This afternoon, I was complaining about having to wash my clothes, when I suddenly started laughing at myself. I wasn’t washing my clothes–my washing machine was. I wouldn’t have to dry my clothes–my clothes dryer would do that. No, I was simply complaining about having to wait for my machines to wash and dry my clothes for me.
Then I remembered the above “first world problems” item I had once seen on IzaacMac‘s blog–and how it had made me laugh my ass off, then think seriously about the point it was making.
I’ve said before that we, the mentally ill, suffer more than anyone else in the world. And we are scattered throughout the world–from the first to the third, and perhaps the fourth–mental illness does not discriminate at all. I’ve said the reason for this is that mental illness is, for most of us, actually emotional illness. And there really is no physical pain that can equal emotional pain; no physical discomfort that can equal emotional discomfort; no physical turmoil that can equal emotional turmoil. I may have even said that if you asked an injured or disabled veteran of any war, anywhere, how he or she managed to bear such wounds–he or she would probably make it very clear that his or her physical suffering was nothing compared to his or her emotional suffering. And though I don’t personally know any injured or disabled veterans at this time, I think they would all confirm this.
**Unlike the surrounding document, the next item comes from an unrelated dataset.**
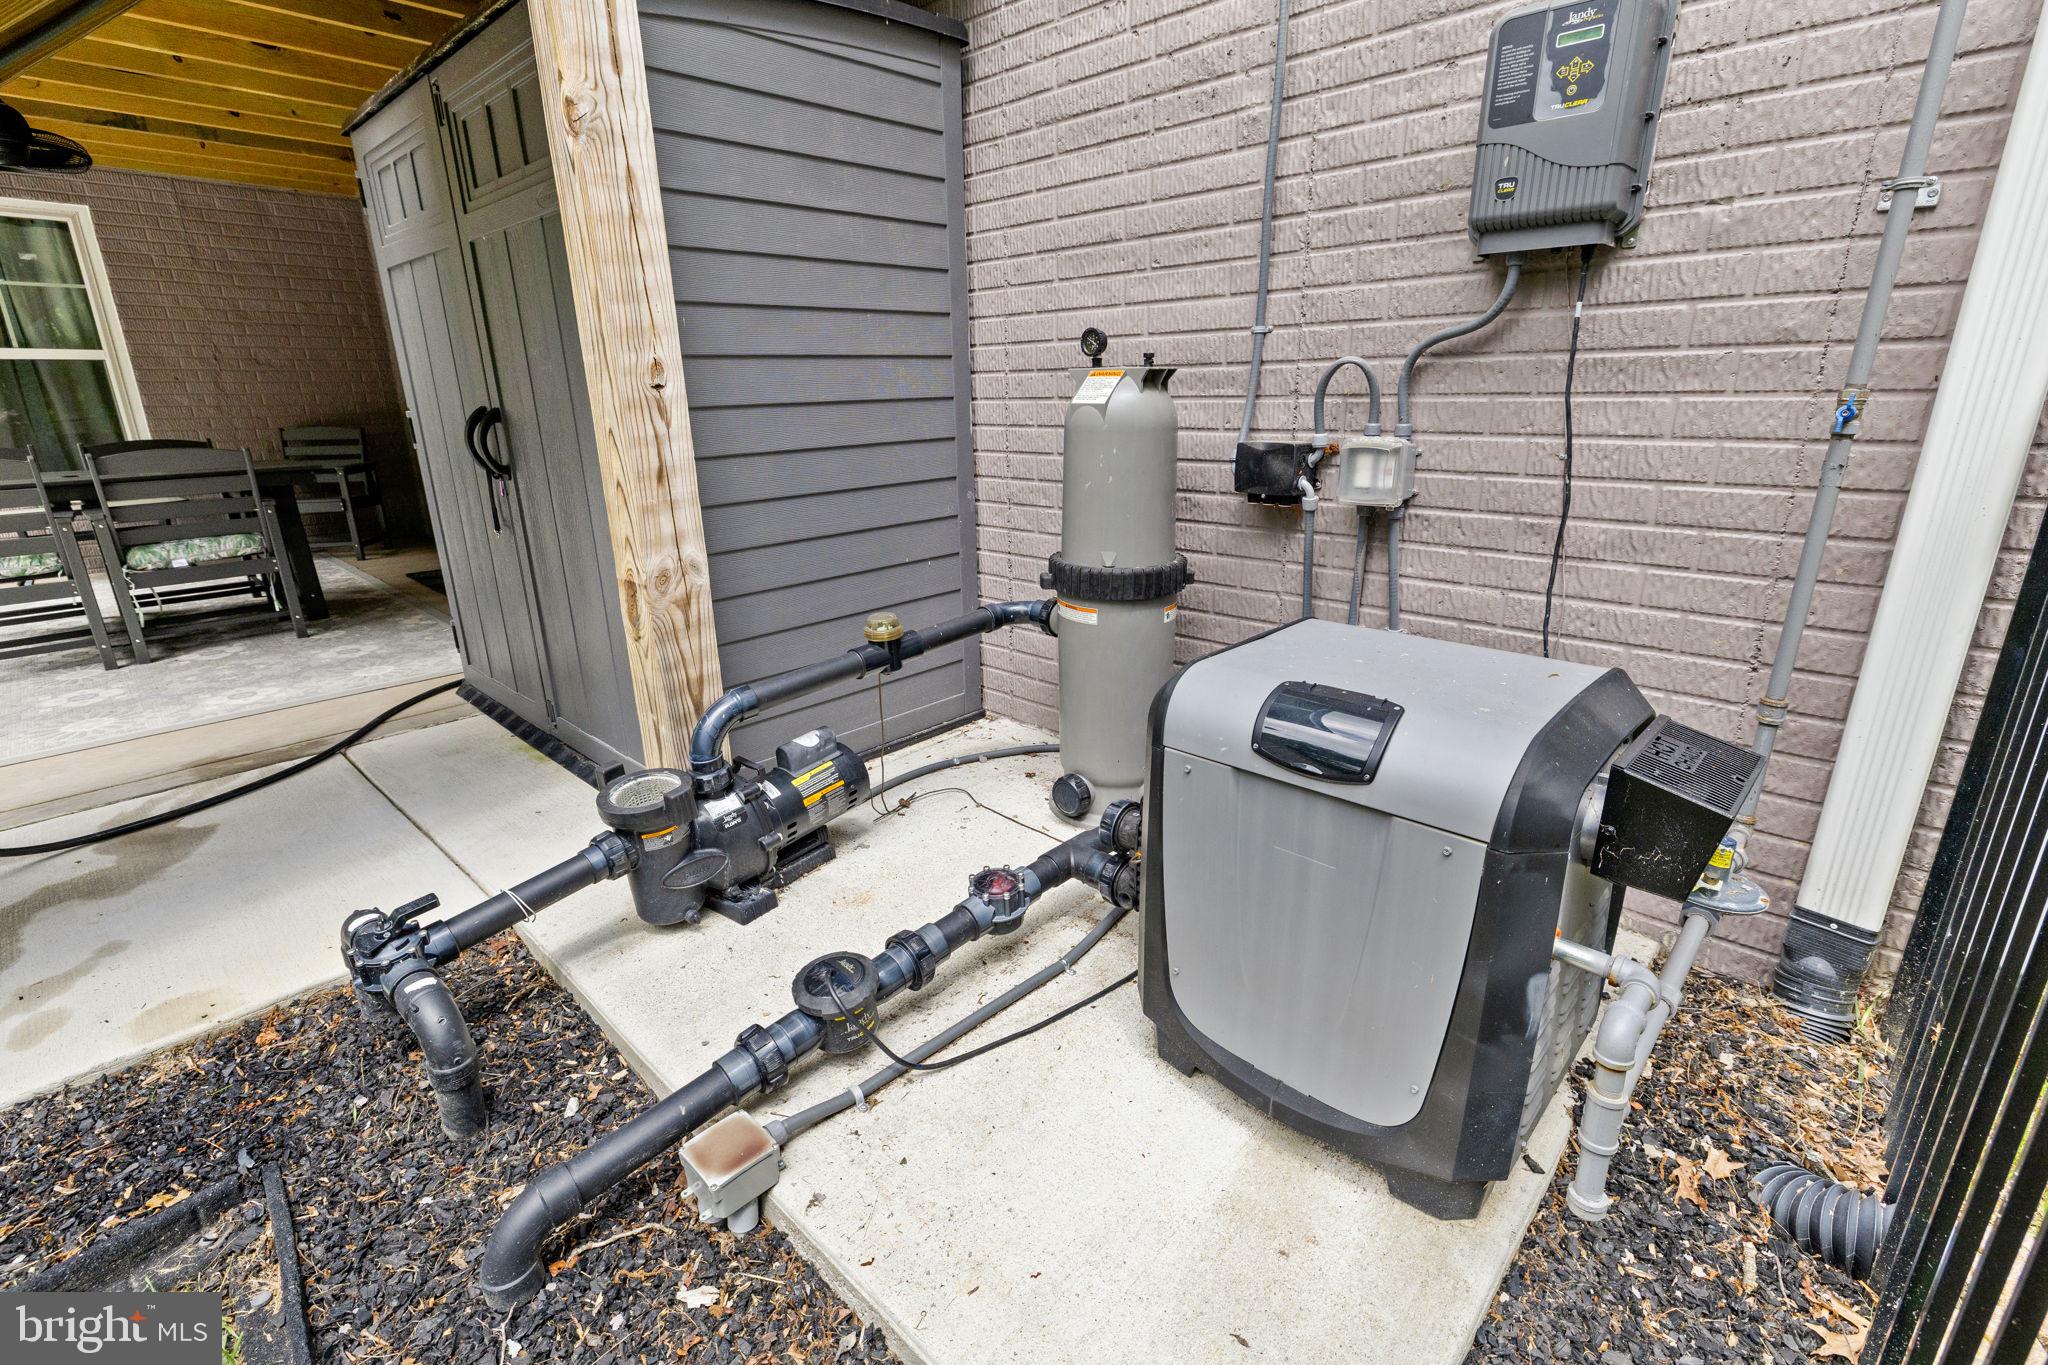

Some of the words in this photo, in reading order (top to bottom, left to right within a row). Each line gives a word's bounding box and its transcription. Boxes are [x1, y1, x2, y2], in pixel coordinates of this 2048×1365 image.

[1568, 7, 1597, 24] Jandy
[1498, 181, 1515, 189] TRU
[1644, 736, 1680, 761] HOT
I think I truly would rather be dying of heart disease, cancer, or even starvation, yet be at peace emotionally, than continue to suffer the emotional agony of mental illness in a reasonably healthy physical state.
That said, I still cannot help but laugh at myself whenever I complain about my having to wash clothes–when all I really have to do is wait for my machines to wash them. Despite my mental illness, I cannot help but amusedly admit that most of my problems really are just first world problems!